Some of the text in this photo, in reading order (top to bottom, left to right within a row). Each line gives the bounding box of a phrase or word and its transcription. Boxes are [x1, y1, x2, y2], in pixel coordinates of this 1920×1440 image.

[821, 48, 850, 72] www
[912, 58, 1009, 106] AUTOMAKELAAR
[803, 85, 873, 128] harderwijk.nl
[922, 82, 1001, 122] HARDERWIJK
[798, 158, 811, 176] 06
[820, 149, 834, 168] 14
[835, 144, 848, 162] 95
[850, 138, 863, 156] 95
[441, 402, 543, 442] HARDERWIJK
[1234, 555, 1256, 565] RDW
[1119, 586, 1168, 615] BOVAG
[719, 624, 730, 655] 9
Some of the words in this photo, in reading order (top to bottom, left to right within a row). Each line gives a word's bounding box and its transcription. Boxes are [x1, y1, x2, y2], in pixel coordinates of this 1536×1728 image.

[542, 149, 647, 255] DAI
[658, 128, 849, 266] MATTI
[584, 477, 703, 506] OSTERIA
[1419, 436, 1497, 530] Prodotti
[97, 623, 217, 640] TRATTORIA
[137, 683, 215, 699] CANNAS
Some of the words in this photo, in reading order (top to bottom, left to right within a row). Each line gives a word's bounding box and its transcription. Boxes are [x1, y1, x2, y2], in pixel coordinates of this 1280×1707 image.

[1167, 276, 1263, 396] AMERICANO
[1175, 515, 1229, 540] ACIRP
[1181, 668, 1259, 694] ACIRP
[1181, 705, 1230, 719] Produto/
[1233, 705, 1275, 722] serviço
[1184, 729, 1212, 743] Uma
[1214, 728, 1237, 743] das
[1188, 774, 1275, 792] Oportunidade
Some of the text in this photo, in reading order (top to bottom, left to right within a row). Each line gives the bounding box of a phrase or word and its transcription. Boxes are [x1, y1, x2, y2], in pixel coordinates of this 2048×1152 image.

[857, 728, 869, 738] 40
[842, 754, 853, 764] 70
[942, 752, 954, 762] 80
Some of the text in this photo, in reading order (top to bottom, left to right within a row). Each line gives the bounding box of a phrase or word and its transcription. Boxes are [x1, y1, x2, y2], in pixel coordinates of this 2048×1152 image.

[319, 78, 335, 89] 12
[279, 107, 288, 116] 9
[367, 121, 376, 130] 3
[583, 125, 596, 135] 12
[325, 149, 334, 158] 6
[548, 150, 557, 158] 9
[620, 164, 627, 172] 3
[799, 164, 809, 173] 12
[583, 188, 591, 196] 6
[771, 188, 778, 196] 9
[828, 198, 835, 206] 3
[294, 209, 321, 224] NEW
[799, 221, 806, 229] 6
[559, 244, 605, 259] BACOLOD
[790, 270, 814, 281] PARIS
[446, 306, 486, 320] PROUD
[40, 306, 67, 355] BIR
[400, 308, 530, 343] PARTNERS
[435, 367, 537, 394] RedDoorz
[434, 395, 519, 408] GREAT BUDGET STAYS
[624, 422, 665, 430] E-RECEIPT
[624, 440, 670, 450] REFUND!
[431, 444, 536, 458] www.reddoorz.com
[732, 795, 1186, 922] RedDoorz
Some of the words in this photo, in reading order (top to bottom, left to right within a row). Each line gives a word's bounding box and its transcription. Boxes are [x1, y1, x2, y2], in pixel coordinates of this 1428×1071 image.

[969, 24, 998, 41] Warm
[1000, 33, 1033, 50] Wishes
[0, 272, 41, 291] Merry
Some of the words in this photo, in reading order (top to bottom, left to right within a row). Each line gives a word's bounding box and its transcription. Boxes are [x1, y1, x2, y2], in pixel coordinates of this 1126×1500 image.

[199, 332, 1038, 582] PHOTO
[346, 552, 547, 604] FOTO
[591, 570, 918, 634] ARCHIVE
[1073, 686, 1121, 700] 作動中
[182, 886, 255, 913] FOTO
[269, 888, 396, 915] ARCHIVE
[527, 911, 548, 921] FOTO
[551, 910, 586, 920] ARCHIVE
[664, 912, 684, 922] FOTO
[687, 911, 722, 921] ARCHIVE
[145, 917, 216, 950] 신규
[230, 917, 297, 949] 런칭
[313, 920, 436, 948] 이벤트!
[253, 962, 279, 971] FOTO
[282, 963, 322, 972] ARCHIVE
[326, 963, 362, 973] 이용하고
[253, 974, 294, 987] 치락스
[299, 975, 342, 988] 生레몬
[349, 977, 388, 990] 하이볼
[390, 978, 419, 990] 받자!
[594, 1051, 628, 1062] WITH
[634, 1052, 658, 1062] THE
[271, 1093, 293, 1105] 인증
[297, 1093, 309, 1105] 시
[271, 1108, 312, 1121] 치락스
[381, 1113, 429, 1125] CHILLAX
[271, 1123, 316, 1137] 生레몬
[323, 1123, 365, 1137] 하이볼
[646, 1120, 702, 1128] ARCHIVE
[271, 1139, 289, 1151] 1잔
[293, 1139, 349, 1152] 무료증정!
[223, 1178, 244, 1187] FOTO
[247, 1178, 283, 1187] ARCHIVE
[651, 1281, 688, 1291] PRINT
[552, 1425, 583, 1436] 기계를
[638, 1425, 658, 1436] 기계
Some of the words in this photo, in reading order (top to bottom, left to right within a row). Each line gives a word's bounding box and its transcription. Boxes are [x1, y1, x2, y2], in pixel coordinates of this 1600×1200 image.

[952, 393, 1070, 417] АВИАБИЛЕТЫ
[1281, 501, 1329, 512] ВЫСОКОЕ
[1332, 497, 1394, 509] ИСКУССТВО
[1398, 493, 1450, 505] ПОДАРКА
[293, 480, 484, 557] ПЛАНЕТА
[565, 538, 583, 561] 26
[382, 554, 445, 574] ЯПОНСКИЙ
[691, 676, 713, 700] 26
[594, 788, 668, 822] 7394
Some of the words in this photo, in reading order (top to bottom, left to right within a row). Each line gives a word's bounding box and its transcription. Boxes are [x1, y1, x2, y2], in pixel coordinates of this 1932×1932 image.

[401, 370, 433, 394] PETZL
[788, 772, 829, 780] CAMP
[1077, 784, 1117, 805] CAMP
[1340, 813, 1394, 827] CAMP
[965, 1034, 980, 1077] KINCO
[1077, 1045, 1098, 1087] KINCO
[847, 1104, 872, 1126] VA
====
■ What to produce ■
Your answer must contain every line of the records, exactly.

■ Response area ■
Some of the text in this photo, in reading order (top to bottom, left to right within a row). Each line gives the bounding box of a phrase or word and its transcription. Boxes are [x1, y1, x2, y2], in pixel coordinates of this 1920×1440 image.

[821, 48, 850, 72] www
[912, 58, 1009, 106] AUTOMAKELAAR
[803, 85, 873, 128] harderwijk.nl
[922, 82, 1001, 122] HARDERWIJK
[798, 158, 811, 176] 06
[820, 149, 834, 168] 14
[835, 144, 848, 162] 95
[850, 138, 863, 156] 95
[441, 402, 543, 442] HARDERWIJK
[1234, 555, 1256, 565] RDW
[1119, 586, 1168, 615] BOVAG
[719, 624, 730, 655] 9
Some of the words in this photo, in reading order (top to bottom, left to right within a row). Each line gives a word's bounding box and its transcription. Boxes are [x1, y1, x2, y2], in pixel coordinates of this 1536×1728 image.

[542, 149, 647, 255] DAI
[658, 128, 849, 266] MATTI
[584, 477, 703, 506] OSTERIA
[1419, 436, 1497, 530] Prodotti
[97, 623, 217, 640] TRATTORIA
[137, 683, 215, 699] CANNAS
Some of the words in this photo, in reading order (top to bottom, left to right within a row). Each line gives a word's bounding box and its transcription. Boxes are [x1, y1, x2, y2], in pixel coordinates of this 1280×1707 image.

[1167, 276, 1263, 396] AMERICANO
[1175, 515, 1229, 540] ACIRP
[1181, 668, 1259, 694] ACIRP
[1181, 705, 1230, 719] Produto/
[1233, 705, 1275, 722] serviço
[1184, 729, 1212, 743] Uma
[1214, 728, 1237, 743] das
[1188, 774, 1275, 792] Oportunidade
Some of the text in this photo, in reading order (top to bottom, left to right within a row). Each line gives the bounding box of a phrase or word and its transcription. Boxes are [x1, y1, x2, y2], in pixel coordinates of this 2048×1152 image.

[857, 728, 869, 738] 40
[842, 754, 853, 764] 70
[942, 752, 954, 762] 80
Some of the text in this photo, in reading order (top to bottom, left to right within a row). Each line gives the bounding box of a phrase or word and its transcription. Boxes are [x1, y1, x2, y2], in pixel coordinates of this 2048×1152 image.

[319, 78, 335, 89] 12
[279, 107, 288, 116] 9
[367, 121, 376, 130] 3
[583, 125, 596, 135] 12
[325, 149, 334, 158] 6
[548, 150, 557, 158] 9
[620, 164, 627, 172] 3
[799, 164, 809, 173] 12
[583, 188, 591, 196] 6
[771, 188, 778, 196] 9
[828, 198, 835, 206] 3
[294, 209, 321, 224] NEW
[799, 221, 806, 229] 6
[559, 244, 605, 259] BACOLOD
[790, 270, 814, 281] PARIS
[446, 306, 486, 320] PROUD
[40, 306, 67, 355] BIR
[400, 308, 530, 343] PARTNERS
[435, 367, 537, 394] RedDoorz
[434, 395, 519, 408] GREAT BUDGET STAYS
[624, 422, 665, 430] E-RECEIPT
[624, 440, 670, 450] REFUND!
[431, 444, 536, 458] www.reddoorz.com
[732, 795, 1186, 922] RedDoorz
Some of the words in this photo, in reading order (top to bottom, left to right within a row). Each line gives a word's bounding box and its transcription. Boxes are [x1, y1, x2, y2], in pixel coordinates of this 1428×1071 image.

[969, 24, 998, 41] Warm
[1000, 33, 1033, 50] Wishes
[0, 272, 41, 291] Merry
Some of the words in this photo, in reading order (top to bottom, left to right within a row). Each line gives a word's bounding box and its transcription. Boxes are [x1, y1, x2, y2], in pixel coordinates of this 1126×1500 image.

[199, 332, 1038, 582] PHOTO
[346, 552, 547, 604] FOTO
[591, 570, 918, 634] ARCHIVE
[1073, 686, 1121, 700] 作動中
[182, 886, 255, 913] FOTO
[269, 888, 396, 915] ARCHIVE
[527, 911, 548, 921] FOTO
[551, 910, 586, 920] ARCHIVE
[664, 912, 684, 922] FOTO
[687, 911, 722, 921] ARCHIVE
[145, 917, 216, 950] 신규
[230, 917, 297, 949] 런칭
[313, 920, 436, 948] 이벤트!
[253, 962, 279, 971] FOTO
[282, 963, 322, 972] ARCHIVE
[326, 963, 362, 973] 이용하고
[253, 974, 294, 987] 치락스
[299, 975, 342, 988] 生레몬
[349, 977, 388, 990] 하이볼
[390, 978, 419, 990] 받자!
[594, 1051, 628, 1062] WITH
[634, 1052, 658, 1062] THE
[271, 1093, 293, 1105] 인증
[297, 1093, 309, 1105] 시
[271, 1108, 312, 1121] 치락스
[381, 1113, 429, 1125] CHILLAX
[271, 1123, 316, 1137] 生레몬
[323, 1123, 365, 1137] 하이볼
[646, 1120, 702, 1128] ARCHIVE
[271, 1139, 289, 1151] 1잔
[293, 1139, 349, 1152] 무료증정!
[223, 1178, 244, 1187] FOTO
[247, 1178, 283, 1187] ARCHIVE
[651, 1281, 688, 1291] PRINT
[552, 1425, 583, 1436] 기계를
[638, 1425, 658, 1436] 기계
Some of the words in this photo, in reading order (top to bottom, left to right within a row). Each line gives a word's bounding box and its transcription. Boxes are [x1, y1, x2, y2], in pixel coordinates of this 1600×1200 image.

[952, 393, 1070, 417] АВИАБИЛЕТЫ
[1281, 501, 1329, 512] ВЫСОКОЕ
[1332, 497, 1394, 509] ИСКУССТВО
[1398, 493, 1450, 505] ПОДАРКА
[293, 480, 484, 557] ПЛАНЕТА
[565, 538, 583, 561] 26
[382, 554, 445, 574] ЯПОНСКИЙ
[691, 676, 713, 700] 26
[594, 788, 668, 822] 7394
Some of the words in this photo, in reading order (top to bottom, left to right within a row). Each line gives a word's bounding box and its transcription. Boxes are [x1, y1, x2, y2], in pixel coordinates of this 1932×1932 image.

[401, 370, 433, 394] PETZL
[788, 772, 829, 780] CAMP
[1077, 784, 1117, 805] CAMP
[1340, 813, 1394, 827] CAMP
[965, 1034, 980, 1077] KINCO
[1077, 1045, 1098, 1087] KINCO
[847, 1104, 872, 1126] VA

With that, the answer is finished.